WHAT YOU NEED TO DO => Word for word, please restate each record and pass over the pictures.

• • • • • • •

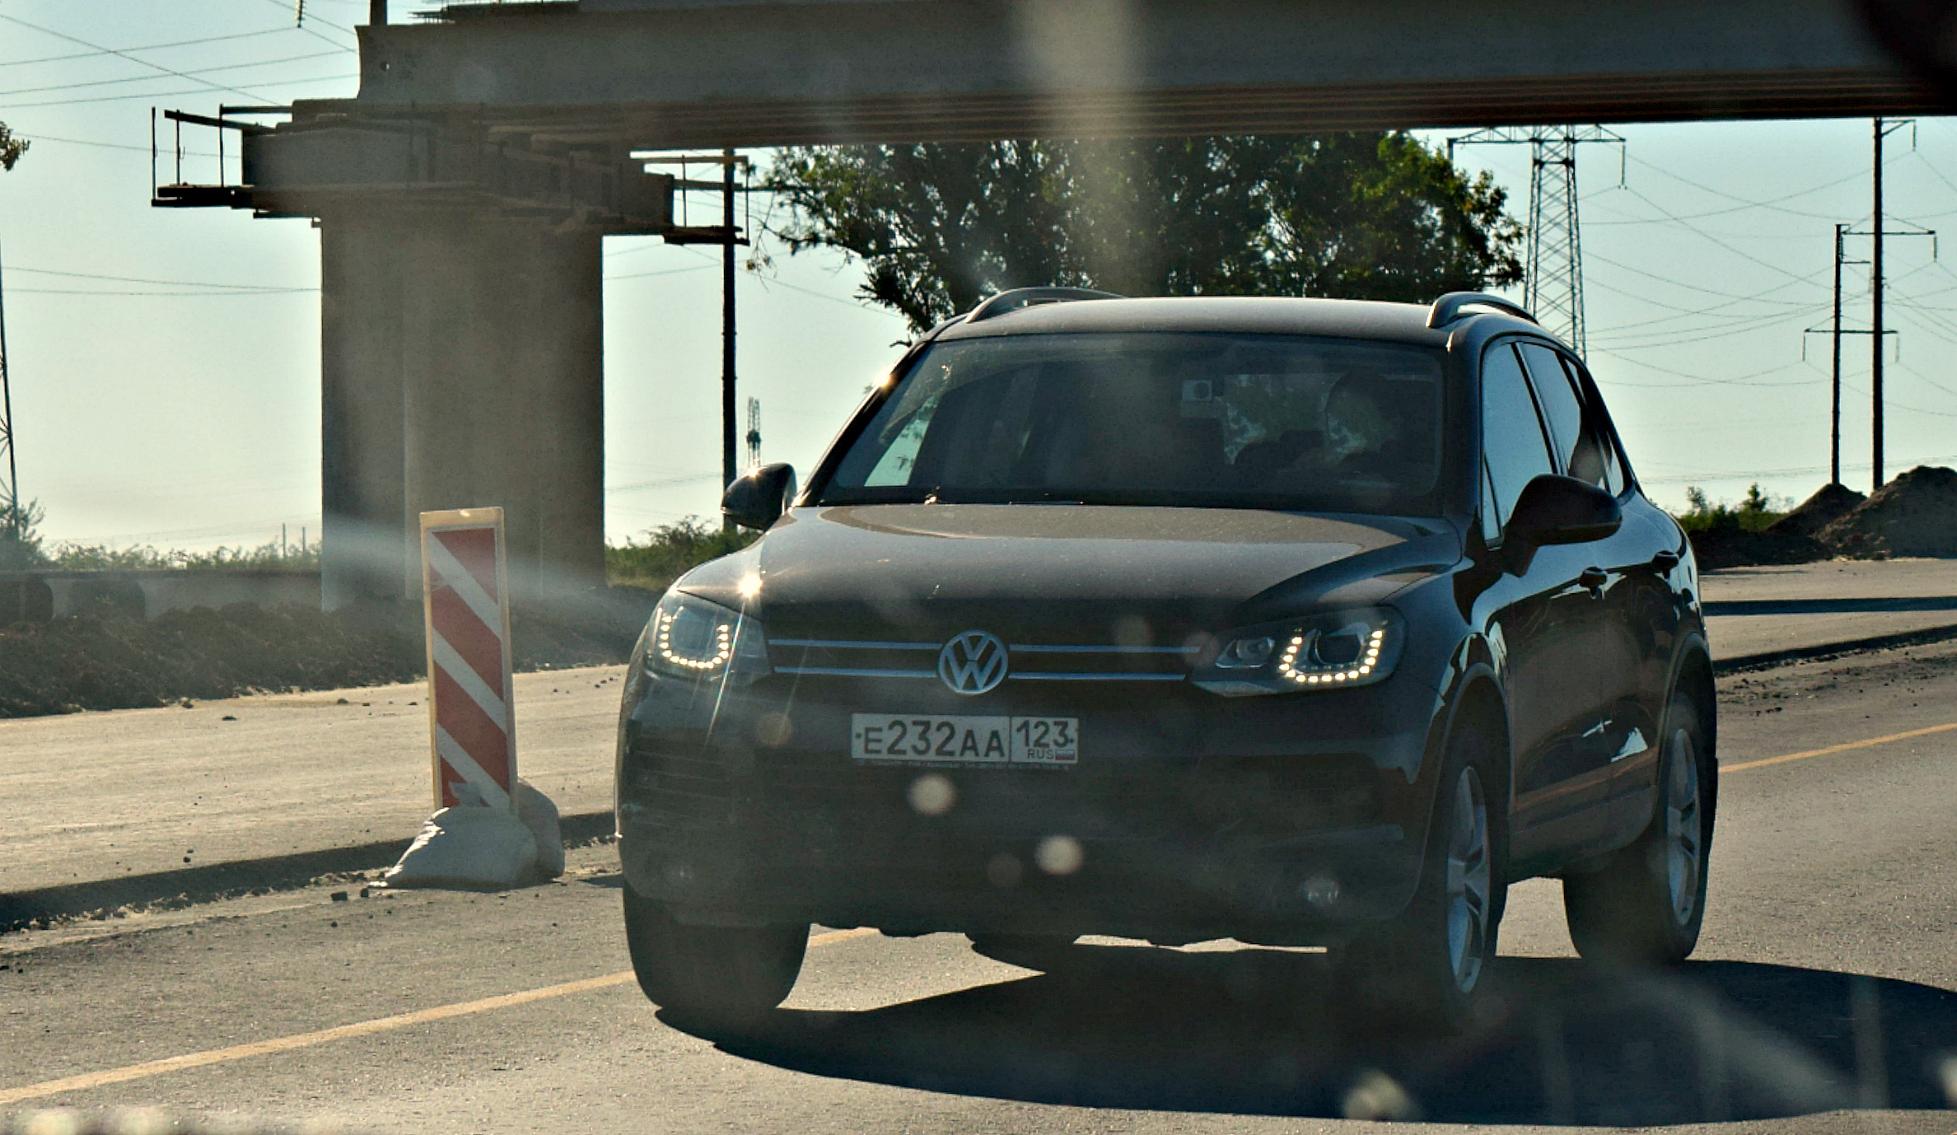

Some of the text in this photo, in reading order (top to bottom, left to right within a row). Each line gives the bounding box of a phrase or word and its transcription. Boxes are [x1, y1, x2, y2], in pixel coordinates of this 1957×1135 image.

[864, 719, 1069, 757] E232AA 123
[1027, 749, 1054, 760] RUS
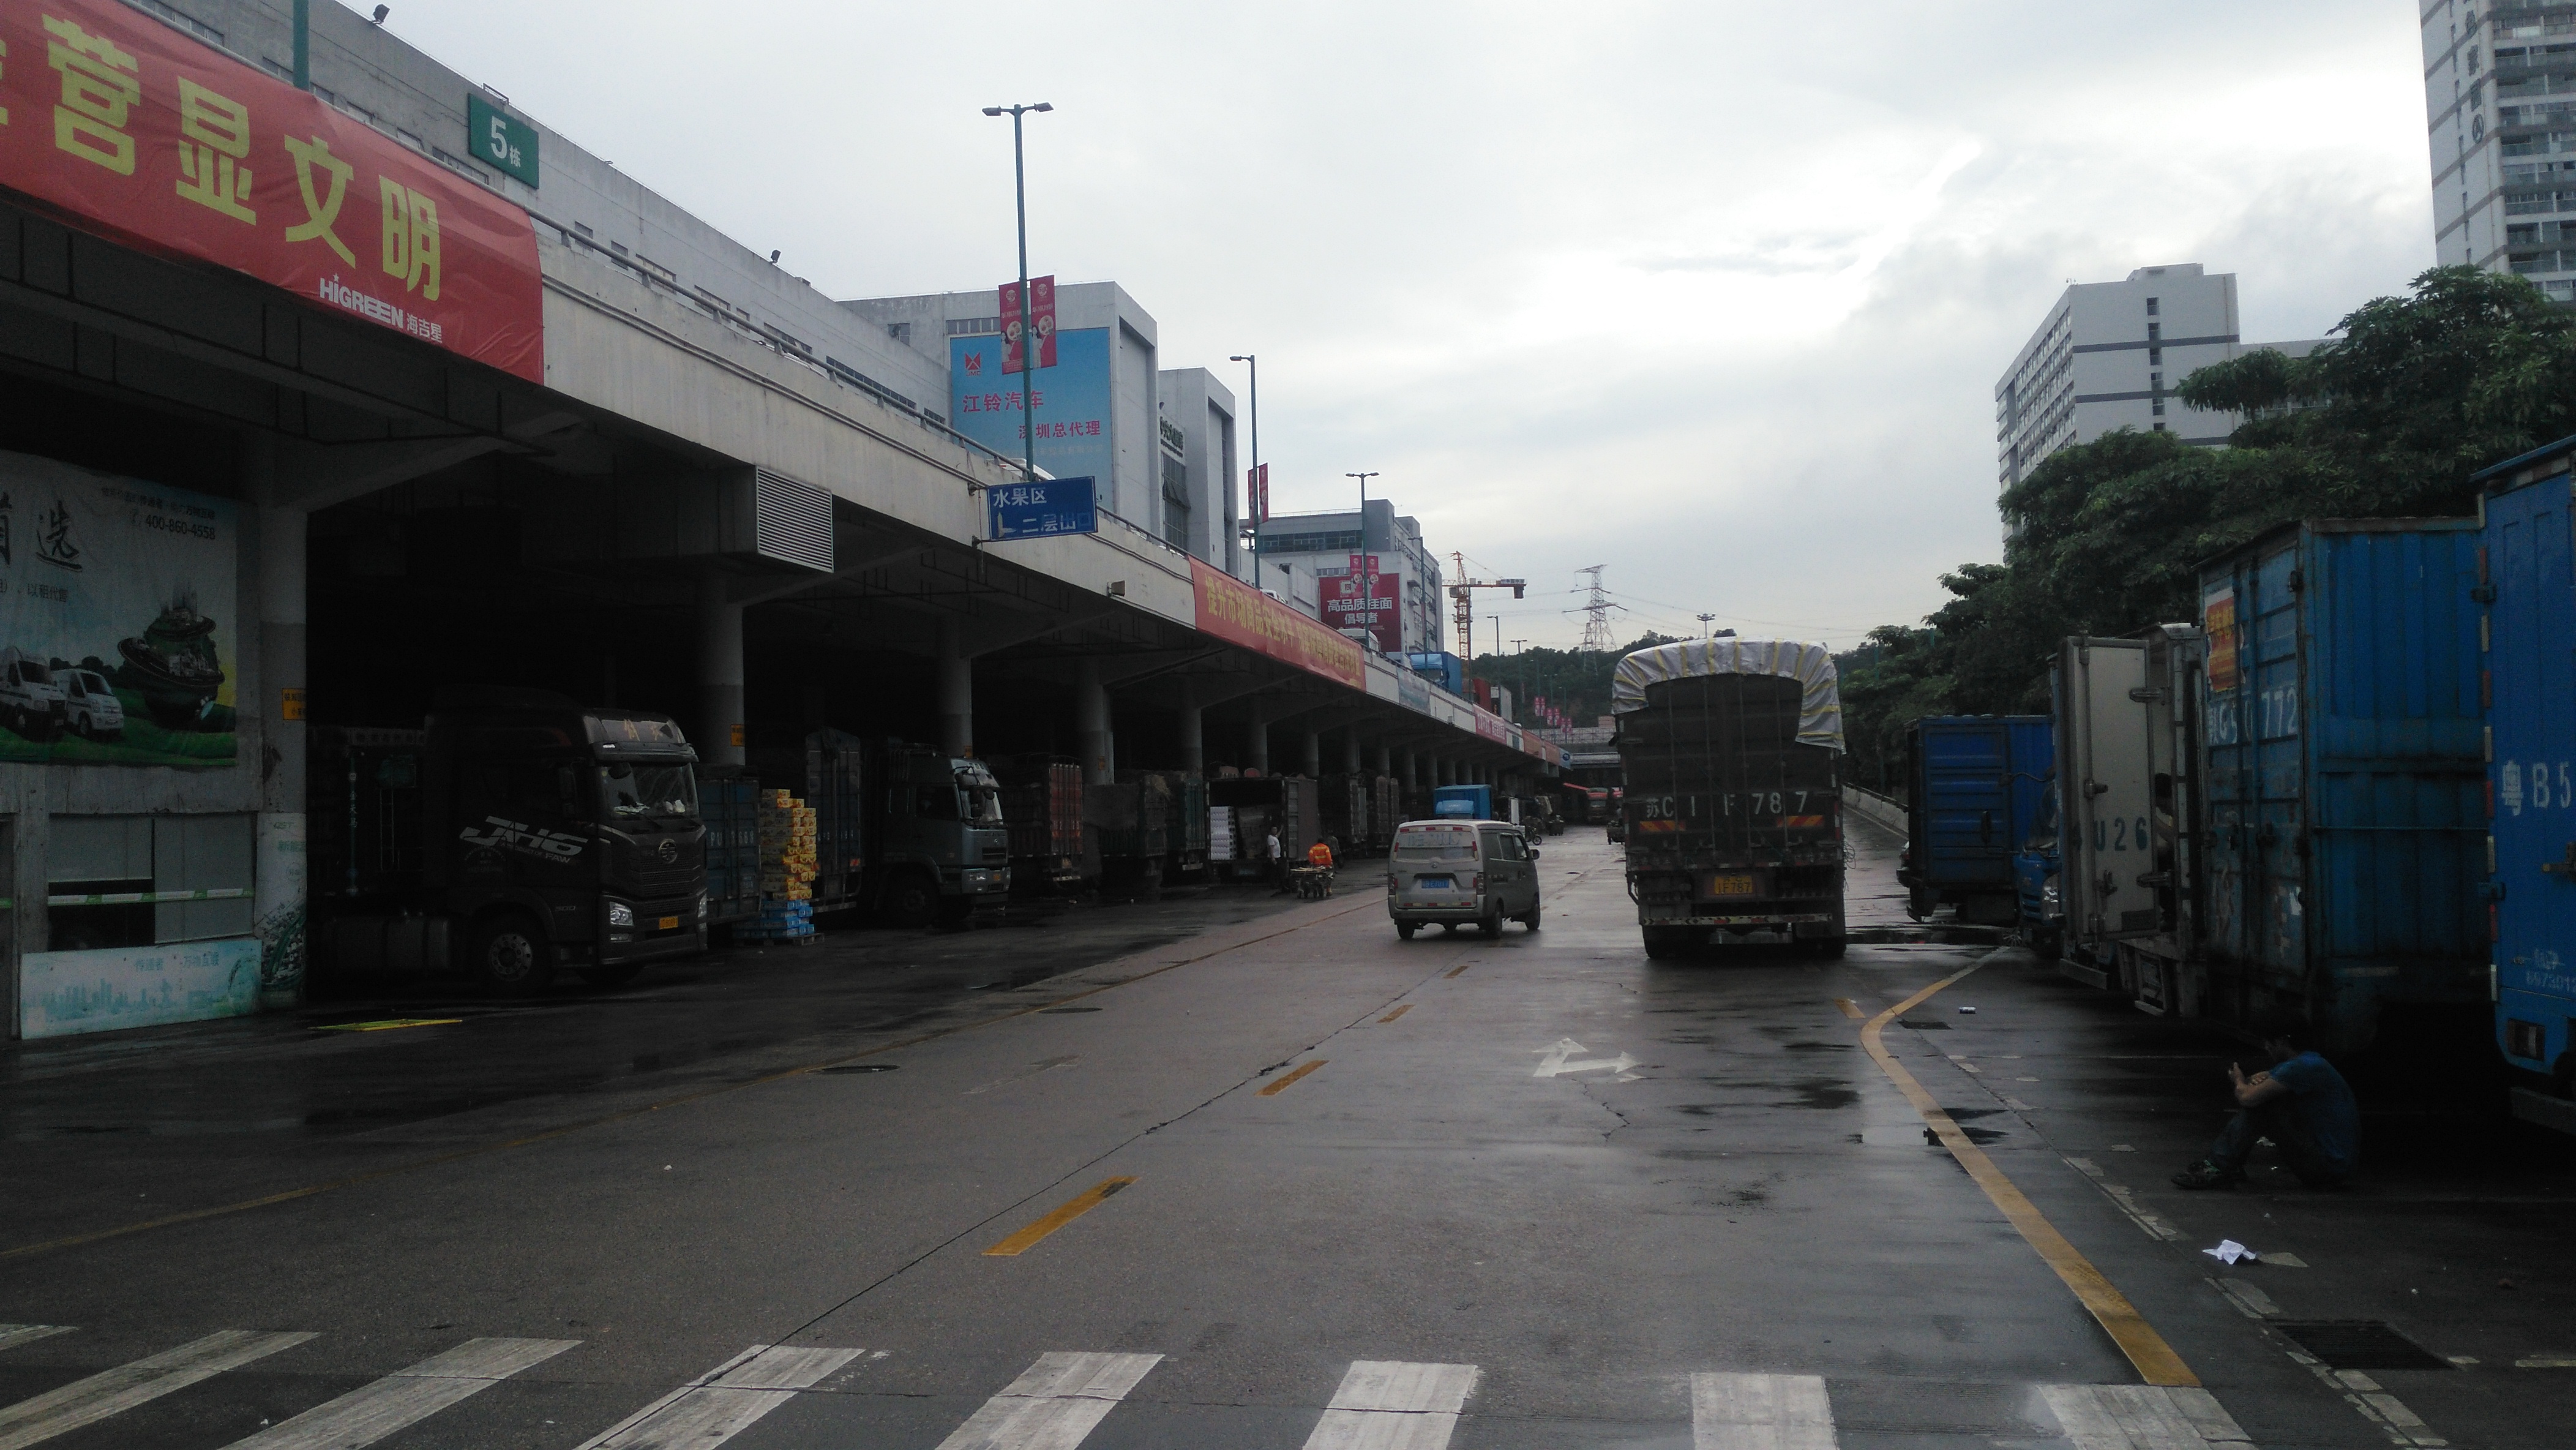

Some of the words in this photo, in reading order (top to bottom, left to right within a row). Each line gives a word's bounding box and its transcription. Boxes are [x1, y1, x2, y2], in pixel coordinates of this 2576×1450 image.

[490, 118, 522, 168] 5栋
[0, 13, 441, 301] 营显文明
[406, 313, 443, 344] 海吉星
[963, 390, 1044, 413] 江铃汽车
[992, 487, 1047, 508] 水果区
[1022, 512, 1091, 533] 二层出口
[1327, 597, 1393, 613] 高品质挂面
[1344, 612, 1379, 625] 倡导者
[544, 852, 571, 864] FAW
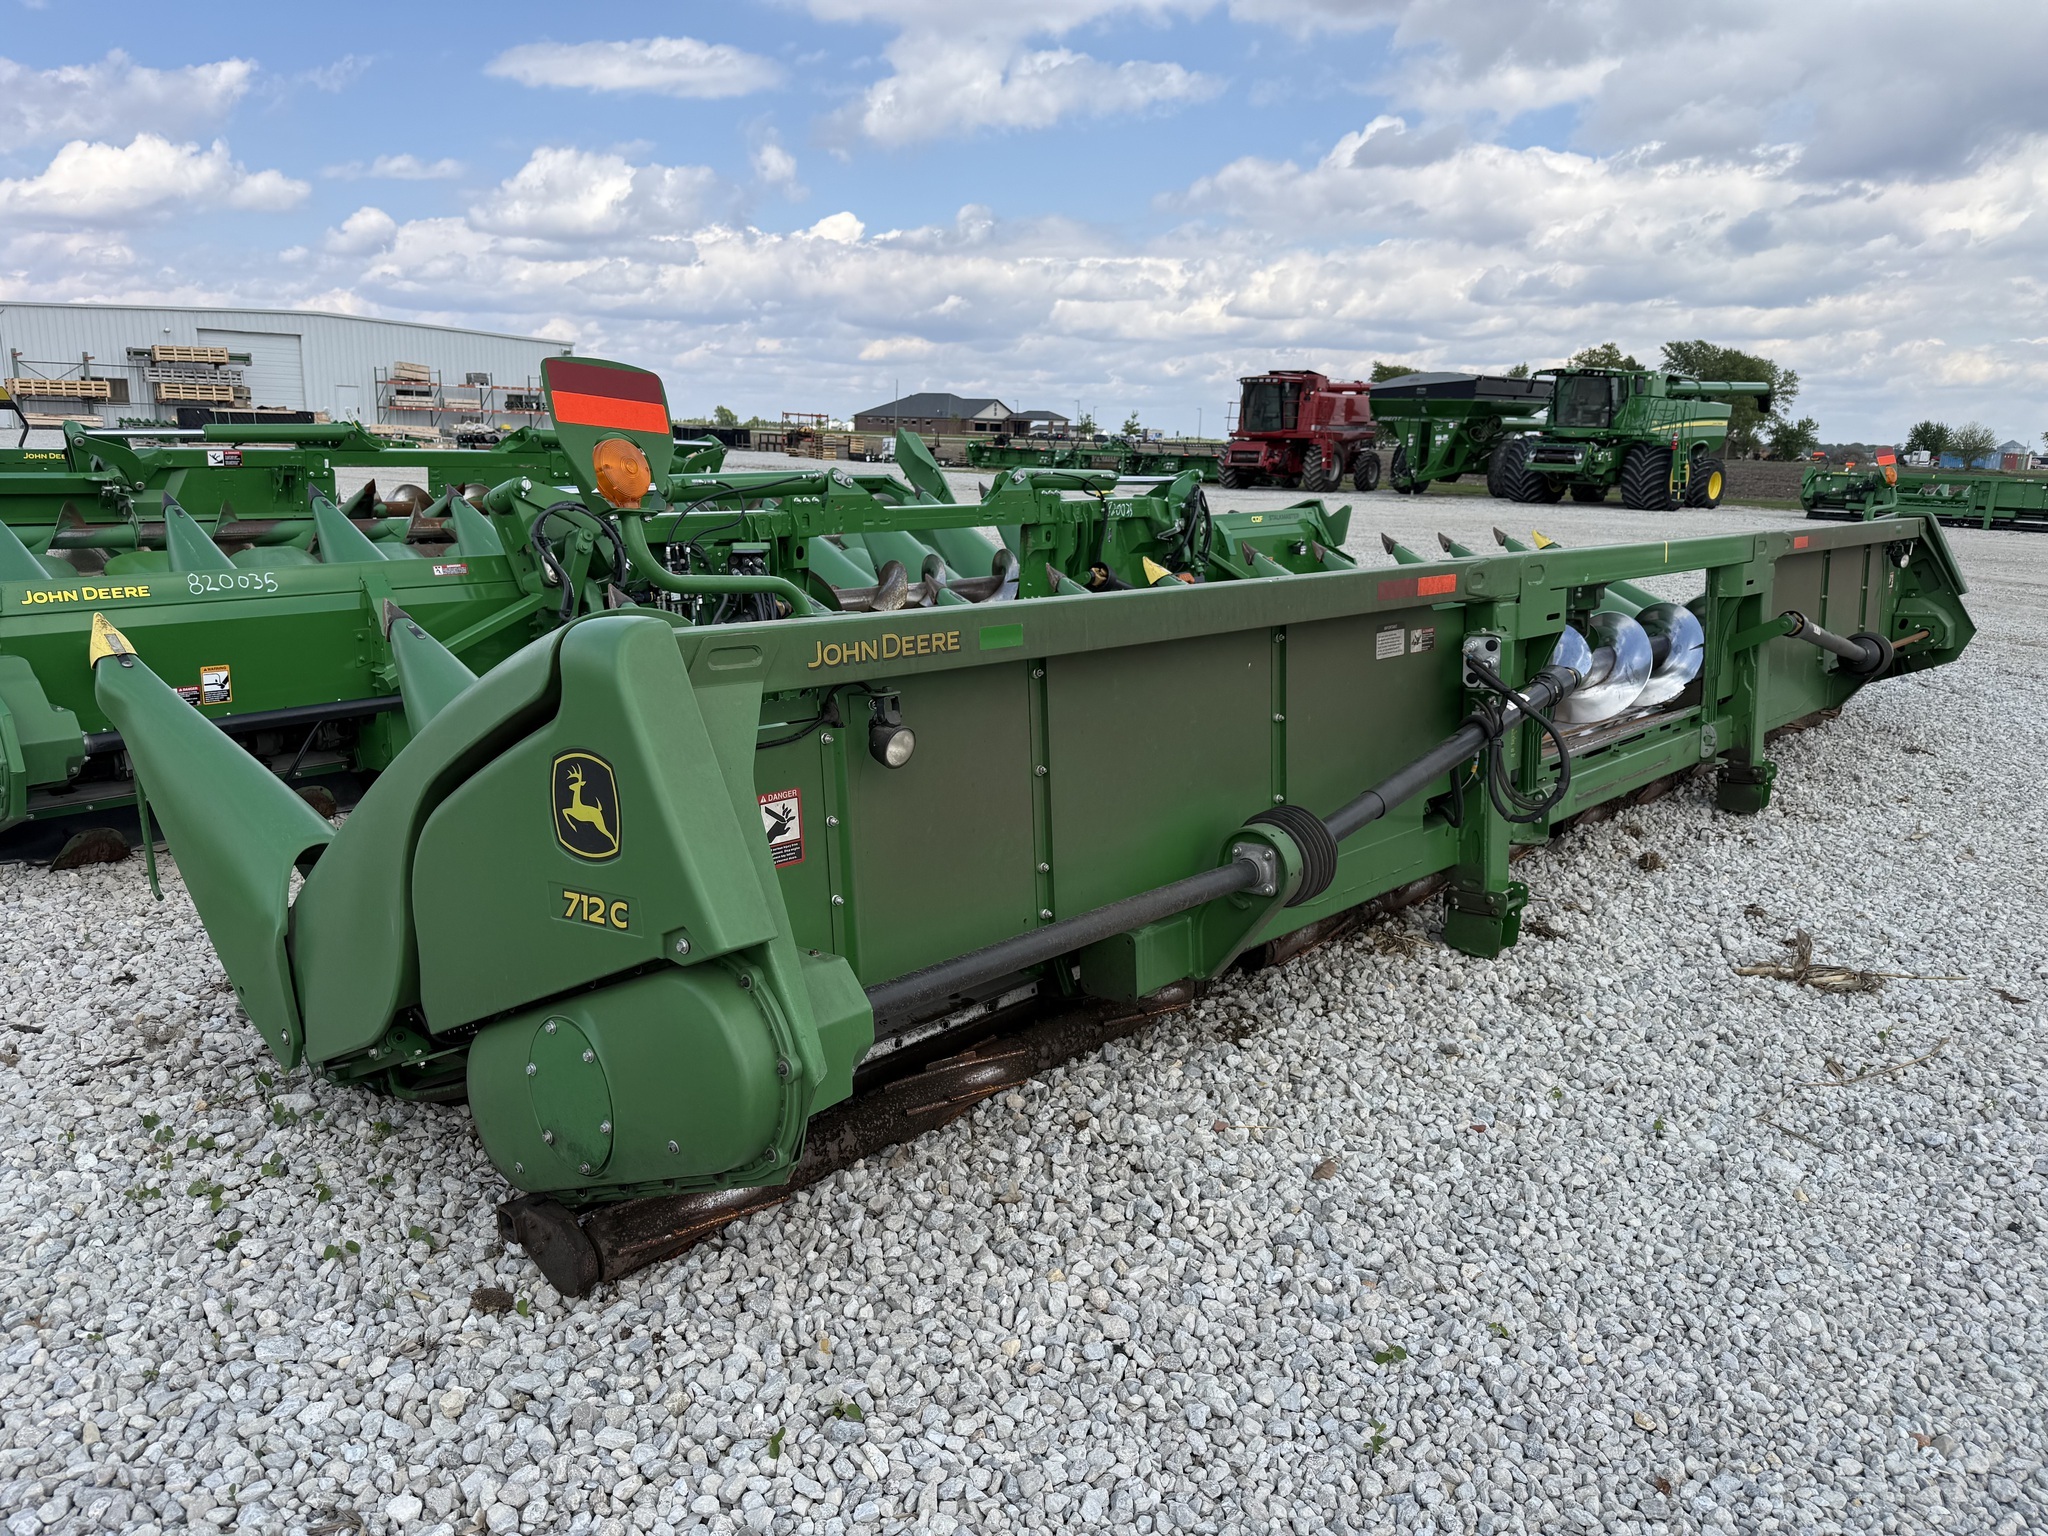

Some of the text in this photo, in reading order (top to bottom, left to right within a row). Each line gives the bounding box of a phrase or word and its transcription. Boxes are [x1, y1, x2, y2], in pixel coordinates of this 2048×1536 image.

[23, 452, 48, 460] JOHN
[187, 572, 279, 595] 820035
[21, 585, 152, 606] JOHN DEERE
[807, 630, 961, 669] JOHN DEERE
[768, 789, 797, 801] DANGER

• • • • • • •

EXERCISE ANSWER =>
Some of the text in this photo, in reading order (top to bottom, left to right within a row). Each line gives the bounding box of a phrase or word and its transcription. Boxes are [x1, y1, x2, y2], in pixel coordinates of this 1957×1135 image.

[864, 719, 1069, 757] E232AA 123
[1027, 749, 1054, 760] RUS

Some of the words in this photo, in reading order (top to bottom, left to right within a row). Each line gives a word's bounding box and its transcription. Boxes are [x1, y1, x2, y2], in pixel coordinates of this 2576×1450 image.

[490, 118, 522, 168] 5栋
[0, 13, 441, 301] 营显文明
[406, 313, 443, 344] 海吉星
[963, 390, 1044, 413] 江铃汽车
[992, 487, 1047, 508] 水果区
[1022, 512, 1091, 533] 二层出口
[1327, 597, 1393, 613] 高品质挂面
[1344, 612, 1379, 625] 倡导者
[544, 852, 571, 864] FAW

Some of the text in this photo, in reading order (top to bottom, left to right within a row). Each line gives the bounding box of a phrase or word and its transcription. Boxes are [x1, y1, x2, y2], in pixel coordinates of this 2048×1536 image.

[23, 452, 48, 460] JOHN
[187, 572, 279, 595] 820035
[21, 585, 152, 606] JOHN DEERE
[807, 630, 961, 669] JOHN DEERE
[768, 789, 797, 801] DANGER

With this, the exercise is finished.